By Andrew Laxon
Labour says it will spend about $200 million more each year on cutting waiting times for surgery.
The party's health policy - which has been dribbling out in a series of political leaks for a week - was released yesterday, with a price tag of $825 million over three years.
Health spokeswoman Annette King would not give hard cost estimates, but confirmed about $200 million a year would go on extra surgery.
She said the party was aiming for a maximum waiting time of six months, but "we won't achieve it overnight and we may not achieve it in three years."
Labour's priority would be to reduce the country's worst waiting times, such as a two-year delay for hip and knee operations in Taranaki.
The party also promises to end asset testing in hospitals and rest-homes, but says this is also unlikely within three years.
Labour would match National's extra $124 million for mental healthcare in the next two years and add about $30 million more in the third year. It would scrap the Health Funding Authority and bring back district health boards with a majority of elected members. Polling would be held with local-body elections in 2001.

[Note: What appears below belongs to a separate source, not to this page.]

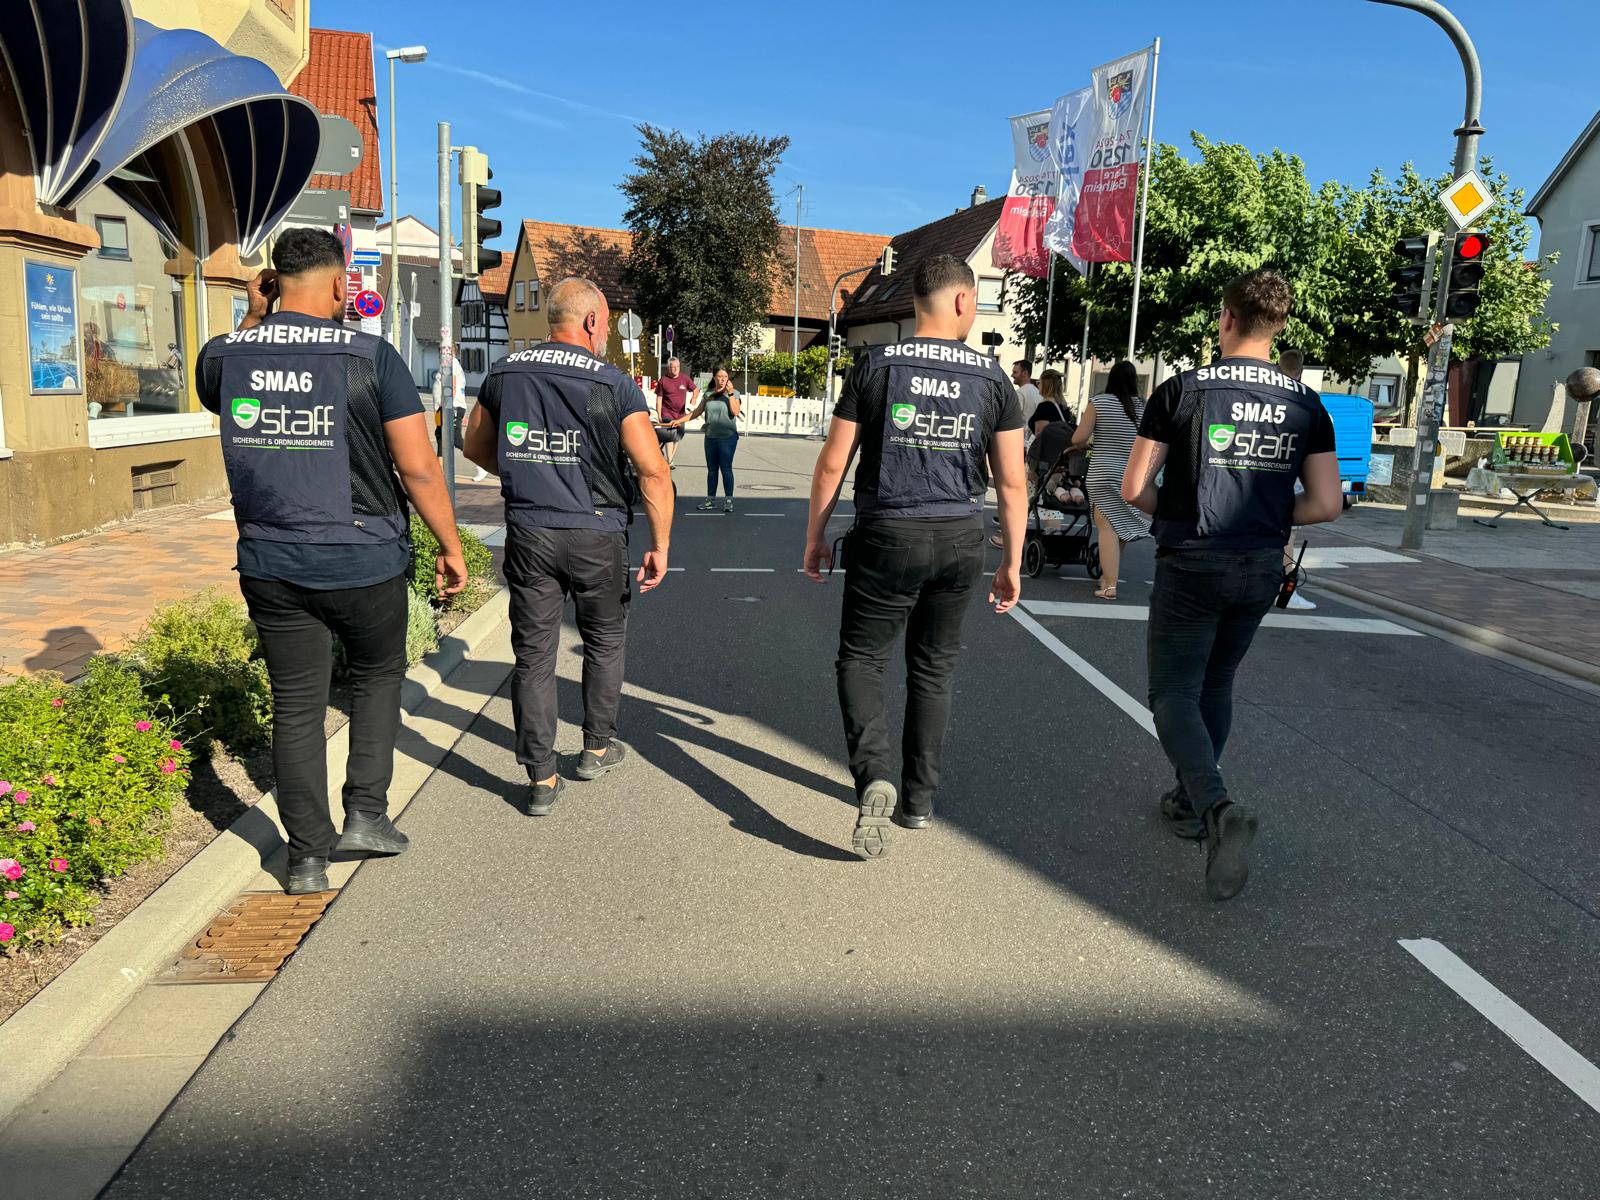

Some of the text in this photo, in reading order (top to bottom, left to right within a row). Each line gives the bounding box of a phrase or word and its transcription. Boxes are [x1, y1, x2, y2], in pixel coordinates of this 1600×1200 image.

Doctors would not be paid a fee for each patient they saw but a set amount each year, based on patient numbers and health needs. However, Labour would negotiate with those willing to take part, instead of trying to impose new contracts, as it had done in 1990.
The rest-home owners' association, Residential Care New Zealand, yesterday estimated the asset-testing change would cost $300 million a year and about $1 billion within 20 years because of the ageing population.

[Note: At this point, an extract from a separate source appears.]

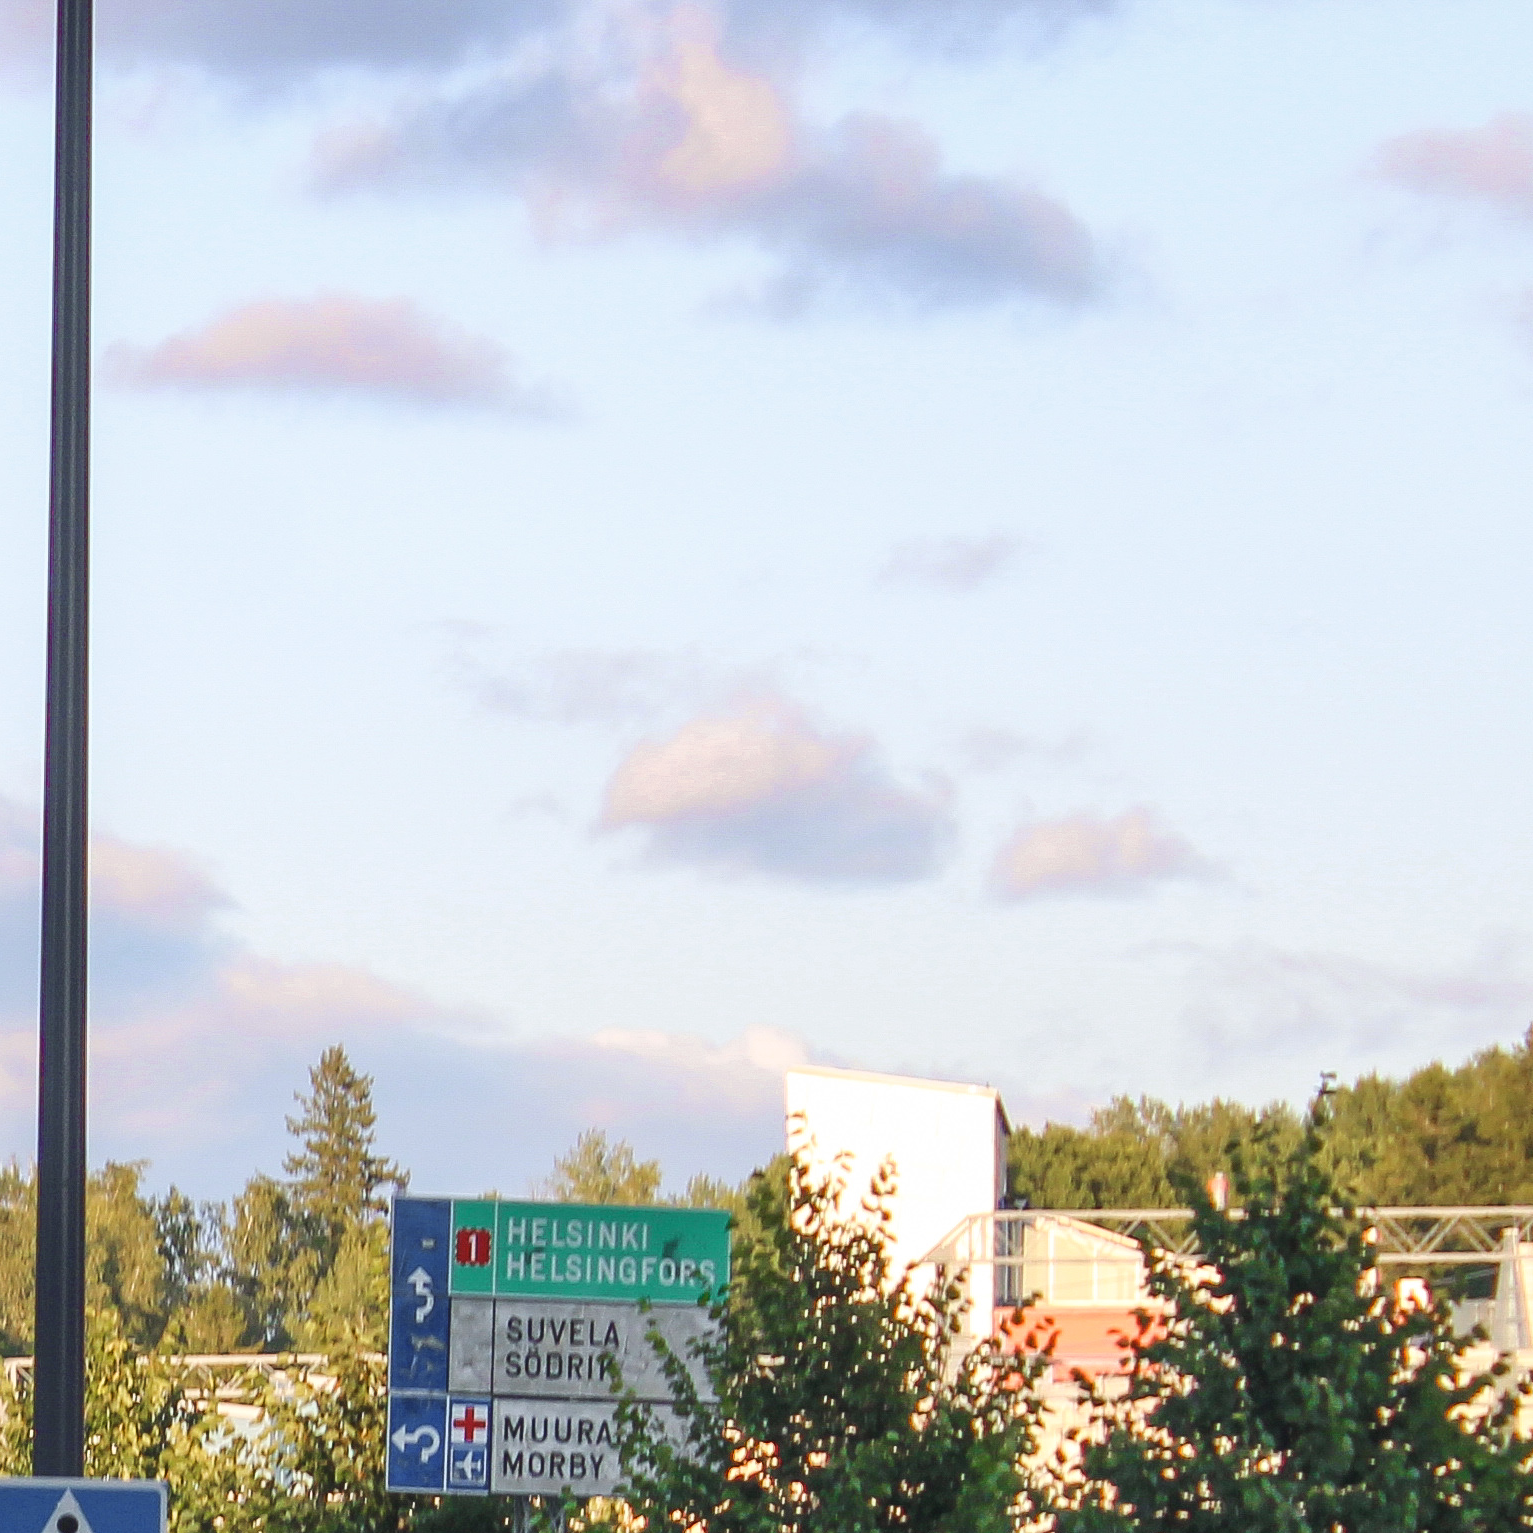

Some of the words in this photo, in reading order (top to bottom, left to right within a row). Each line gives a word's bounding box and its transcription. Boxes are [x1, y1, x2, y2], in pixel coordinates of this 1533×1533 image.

[506, 1216, 651, 1252] HELSINKI
[505, 1250, 716, 1287] HELSINGFORS
[507, 1316, 620, 1348] SUVELA
[503, 1450, 604, 1480] MORBY

Annette King said it would cost $190 million because many elderly people were already avoiding asset testing by placing their homes in family trusts.

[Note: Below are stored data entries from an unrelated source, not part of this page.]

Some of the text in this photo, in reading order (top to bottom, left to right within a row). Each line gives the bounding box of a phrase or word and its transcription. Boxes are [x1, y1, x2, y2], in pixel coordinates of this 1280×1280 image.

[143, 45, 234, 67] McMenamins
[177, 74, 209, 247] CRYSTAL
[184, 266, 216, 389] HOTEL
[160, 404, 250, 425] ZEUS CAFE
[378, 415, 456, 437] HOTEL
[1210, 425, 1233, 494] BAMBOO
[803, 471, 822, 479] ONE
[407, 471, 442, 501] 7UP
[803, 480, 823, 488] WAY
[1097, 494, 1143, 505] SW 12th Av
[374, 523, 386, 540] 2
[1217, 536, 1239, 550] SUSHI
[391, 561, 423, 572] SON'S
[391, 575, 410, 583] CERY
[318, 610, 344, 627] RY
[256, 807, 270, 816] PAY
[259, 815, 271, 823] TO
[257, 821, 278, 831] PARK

But she acknowledged there was unlikely to be enough money to deliver the promise within three years - it had not been included in costings.
The Minister of Health, Wyatt Creech, said Labour seemed to be plucking figures from thin air.
The Medical Association's acting chairman, Dr John Adams, said the structural changes could be bureaucratic and cause instability.
While National's booking system had not yet been successful, he was not convinced that going back to waiting lists would be an improvement.